The name of the cave was changed on 23 April 1989 by the Government of South Australia from The Green Waterhole to Fossil Cave with the change being published in The South Australian Government Gazette on 4 May 1989.

==Fossils==
Since the mid-1960s, a variety of Pleistocene subfossil material of birds and mammals has been found and recovered by divers from the surface of a rockpile to a depth of about 15 m below the water surface. The probable accumulation mode was by animals drowning when they fell into the cave while attempting to use it as a source of drinking water. Dating of the subfossil remains indicated that their deposition occurred mainly between 15,000 and 40,000 years ago. As well as representing many living animals, examples of extinct species recovered from the cave include the birds Centropus colossus and Orthonyx hypsilophus, and the mammals Thylacinus cynocephalus, Thylacoleo carnifex, Propleopus oscillans, Macropus titan, Protemnodon anak, and the sthenurine kangaroos Procoptodon gilli, Procoptodon maddocki and Simosthenurus occidentalis.

==Exploration==
Fossils were first collected from the cave in 1964 followed by a further collection in 1968 and logged with the South Australian Museum.
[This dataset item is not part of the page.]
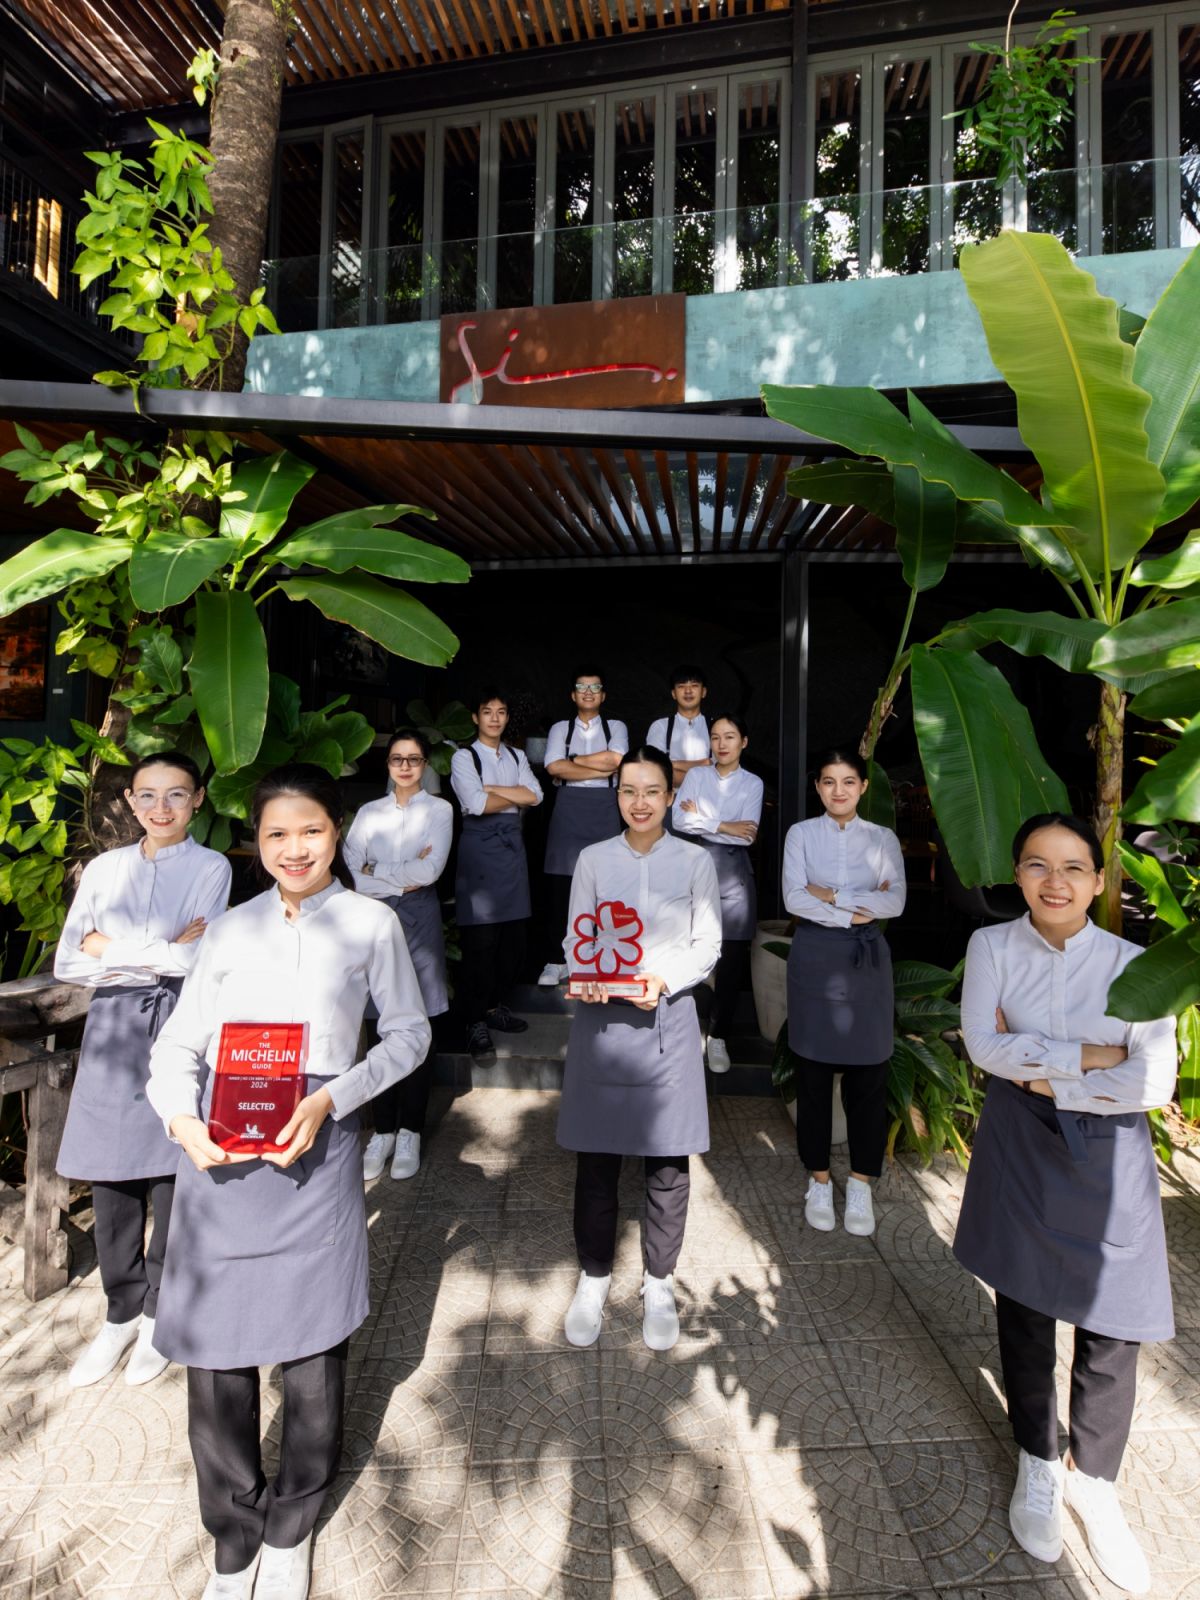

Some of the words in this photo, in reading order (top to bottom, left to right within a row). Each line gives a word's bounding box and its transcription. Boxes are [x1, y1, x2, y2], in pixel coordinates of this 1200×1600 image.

During the next two decades a number of more extensive surveying, sedimentology and bone-recovery operations were carried out by cave divers working in conjunction with palaeontologist Dr Rod Wells and researcher Cate Newton (Flinders University) and the South Australian Underwater Speleological Society (SAUSS) Inc.

The cave's submerged extent has been surveyed at least three times including by the Flinders University Underwater Club (FUUC) in 1978, Allum and Garrad in 1979 and SAUSS in 1987.

==Recreational diving==
Fossil Cave is a notable cave diving site. Access for cave diving is limited to holders of the Cave Divers Association of Australia's Advanced Cave grade.